## Problem to solve
Return each record unchanged and drop the images.

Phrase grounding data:
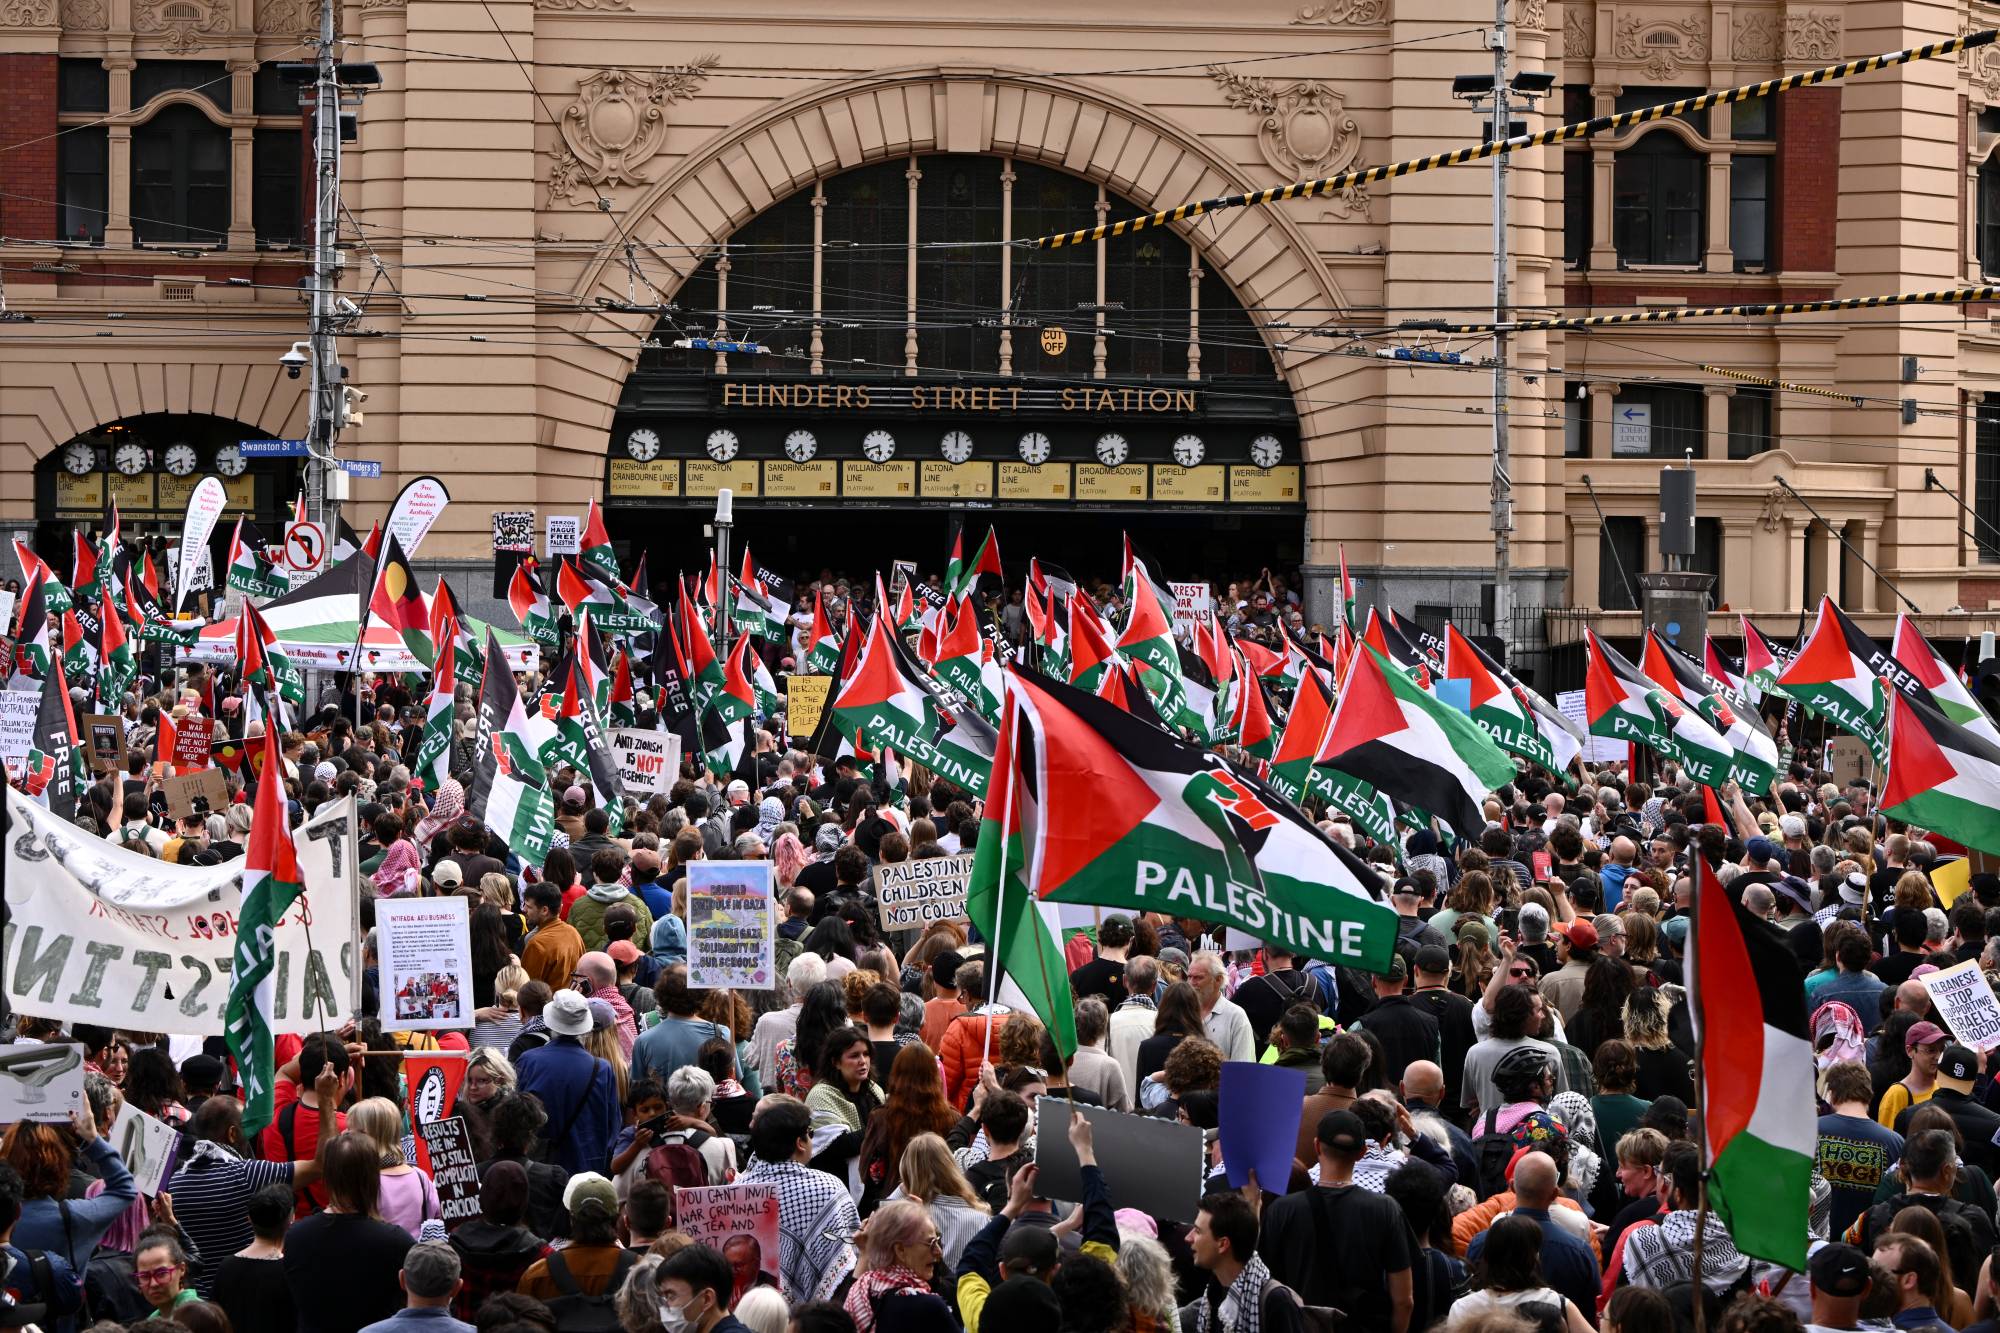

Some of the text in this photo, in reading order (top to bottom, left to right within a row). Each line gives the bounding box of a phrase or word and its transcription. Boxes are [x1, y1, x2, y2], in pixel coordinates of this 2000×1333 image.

[1043, 330, 1062, 339] CUT
[1044, 342, 1063, 351] OFF
[723, 383, 1195, 412] FLINDERS STREET STATION
[241, 442, 280, 451] Swanston
[282, 441, 290, 451] St
[346, 461, 379, 472] Flinders St
[612, 462, 663, 472] PAKENHAM and
[687, 463, 732, 472] FRANKSTON
[767, 463, 822, 472] SANDRINGHAM
[847, 463, 903, 472] WILLIAMSTOWN
[925, 464, 954, 472] ALTONA
[1012, 466, 1042, 474] ALBANS
[1079, 467, 1142, 476] BROADMEADOWS
[1157, 468, 1187, 476] UPFIELD
[612, 472, 678, 482] CRANBOURNE LINES
[687, 473, 704, 481] LINE
[767, 473, 783, 482] LINE
[846, 474, 862, 482] LINE
[924, 474, 940, 482] LINE
[1234, 469, 1271, 477] WERRIBEE
[109, 476, 145, 484] BELGRAVE
[160, 476, 179, 484] GLEN
[1002, 476, 1018, 484] LINE
[1079, 477, 1095, 485] LINE
[1156, 478, 1173, 486] LINE
[1233, 479, 1250, 487] LINE
[496, 513, 530, 528] HERZOG
[499, 524, 529, 538] WAR
[495, 535, 531, 546] CRIMINAL
[756, 567, 784, 588] FREE
[915, 582, 946, 605] FREE
[75, 609, 99, 634] FREE
[983, 623, 1017, 658] FREE
[1869, 650, 1921, 697] FREE
[802, 676, 811, 684] IS
[665, 669, 689, 713] FREE
[790, 685, 827, 693] HERZOG
[1702, 673, 1747, 710] FREE
[803, 695, 820, 703] THE
[790, 705, 822, 714] EPSTEIN
[94, 726, 115, 735] WANTED
[188, 723, 203, 731] WAR
[177, 730, 211, 740] CRIMINALS
[179, 738, 207, 747] ARE NOT
[176, 745, 208, 754] WELCOME
[867, 713, 985, 791] PALESTINE
[50, 731, 71, 796] FREE
[625, 752, 664, 774] IS NOT
[882, 880, 964, 903] CHILDREN
[691, 898, 766, 910] SCHOOLS IN GAZA
[1134, 860, 1366, 958] PALESTINE
[429, 913, 456, 921] BUSINESS
[887, 907, 919, 924] NOT
[696, 927, 763, 939] REDOUBLE GAZA
[698, 942, 760, 953] SOLIDARITY IN
[699, 957, 759, 968] OUR SCHOOLS
[1930, 969, 1978, 994] ALBANESE
[1945, 987, 1973, 1007] STOP
[1942, 995, 1992, 1018] SUPPORTING
[1948, 1005, 1999, 1031] ISRAEL'S
[422, 1120, 460, 1141] RESULTS
[427, 1136, 457, 1152] ARE IN:
[431, 1149, 471, 1170] ALP STILL
[434, 1165, 476, 1188] COMPLICIT
[452, 1184, 464, 1198] IN
[680, 1185, 778, 1207] YOU CANT INVITE
[440, 1195, 483, 1220] GENOCIDE
[680, 1202, 771, 1225] WAR CRIMINALS
[704, 1220, 725, 1231] TEA
[730, 1219, 755, 1231] AND

## Answer to the exercise
Some of the text in this photo, in reading order (top to bottom, left to right within a row). Each line gives the bounding box of a phrase or word and its transcription. Boxes are [x1, y1, x2, y2], in pixel coordinates of this 2000×1333 image.

[1043, 330, 1062, 339] CUT
[1044, 342, 1063, 351] OFF
[723, 383, 1195, 412] FLINDERS STREET STATION
[241, 442, 280, 451] Swanston
[282, 441, 290, 451] St
[346, 461, 379, 472] Flinders St
[612, 462, 663, 472] PAKENHAM and
[687, 463, 732, 472] FRANKSTON
[767, 463, 822, 472] SANDRINGHAM
[847, 463, 903, 472] WILLIAMSTOWN
[925, 464, 954, 472] ALTONA
[1012, 466, 1042, 474] ALBANS
[1079, 467, 1142, 476] BROADMEADOWS
[1157, 468, 1187, 476] UPFIELD
[612, 472, 678, 482] CRANBOURNE LINES
[687, 473, 704, 481] LINE
[767, 473, 783, 482] LINE
[846, 474, 862, 482] LINE
[924, 474, 940, 482] LINE
[1234, 469, 1271, 477] WERRIBEE
[109, 476, 145, 484] BELGRAVE
[160, 476, 179, 484] GLEN
[1002, 476, 1018, 484] LINE
[1079, 477, 1095, 485] LINE
[1156, 478, 1173, 486] LINE
[1233, 479, 1250, 487] LINE
[496, 513, 530, 528] HERZOG
[499, 524, 529, 538] WAR
[495, 535, 531, 546] CRIMINAL
[756, 567, 784, 588] FREE
[915, 582, 946, 605] FREE
[75, 609, 99, 634] FREE
[983, 623, 1017, 658] FREE
[1869, 650, 1921, 697] FREE
[802, 676, 811, 684] IS
[665, 669, 689, 713] FREE
[790, 685, 827, 693] HERZOG
[1702, 673, 1747, 710] FREE
[803, 695, 820, 703] THE
[790, 705, 822, 714] EPSTEIN
[94, 726, 115, 735] WANTED
[188, 723, 203, 731] WAR
[177, 730, 211, 740] CRIMINALS
[179, 738, 207, 747] ARE NOT
[176, 745, 208, 754] WELCOME
[867, 713, 985, 791] PALESTINE
[50, 731, 71, 796] FREE
[625, 752, 664, 774] IS NOT
[882, 880, 964, 903] CHILDREN
[691, 898, 766, 910] SCHOOLS IN GAZA
[1134, 860, 1366, 958] PALESTINE
[429, 913, 456, 921] BUSINESS
[887, 907, 919, 924] NOT
[696, 927, 763, 939] REDOUBLE GAZA
[698, 942, 760, 953] SOLIDARITY IN
[699, 957, 759, 968] OUR SCHOOLS
[1930, 969, 1978, 994] ALBANESE
[1945, 987, 1973, 1007] STOP
[1942, 995, 1992, 1018] SUPPORTING
[1948, 1005, 1999, 1031] ISRAEL'S
[422, 1120, 460, 1141] RESULTS
[427, 1136, 457, 1152] ARE IN:
[431, 1149, 471, 1170] ALP STILL
[434, 1165, 476, 1188] COMPLICIT
[452, 1184, 464, 1198] IN
[680, 1185, 778, 1207] YOU CANT INVITE
[440, 1195, 483, 1220] GENOCIDE
[680, 1202, 771, 1225] WAR CRIMINALS
[704, 1220, 725, 1231] TEA
[730, 1219, 755, 1231] AND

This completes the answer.